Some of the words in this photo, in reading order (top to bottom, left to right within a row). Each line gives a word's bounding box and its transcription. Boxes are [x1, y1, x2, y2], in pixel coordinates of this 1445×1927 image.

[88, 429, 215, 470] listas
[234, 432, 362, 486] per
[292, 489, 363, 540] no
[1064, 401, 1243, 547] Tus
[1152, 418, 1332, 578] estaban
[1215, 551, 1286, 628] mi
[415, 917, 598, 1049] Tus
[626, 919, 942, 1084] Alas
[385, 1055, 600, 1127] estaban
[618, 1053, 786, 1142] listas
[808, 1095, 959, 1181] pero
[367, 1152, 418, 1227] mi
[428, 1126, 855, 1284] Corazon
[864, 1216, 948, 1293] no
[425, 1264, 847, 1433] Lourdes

Prompt → From the first line to the last, output the records word for word.

Written answer →
Some of the words in this photo, in reading order (top to bottom, left to right within a row). Each line gives a word's bounding box and its transcription. Boxes are [x1, y1, x2, y2], in pixel coordinates of this 1445×1927 image.

[88, 429, 215, 470] listas
[234, 432, 362, 486] per
[292, 489, 363, 540] no
[1064, 401, 1243, 547] Tus
[1152, 418, 1332, 578] estaban
[1215, 551, 1286, 628] mi
[415, 917, 598, 1049] Tus
[626, 919, 942, 1084] Alas
[385, 1055, 600, 1127] estaban
[618, 1053, 786, 1142] listas
[808, 1095, 959, 1181] pero
[367, 1152, 418, 1227] mi
[428, 1126, 855, 1284] Corazon
[864, 1216, 948, 1293] no
[425, 1264, 847, 1433] Lourdes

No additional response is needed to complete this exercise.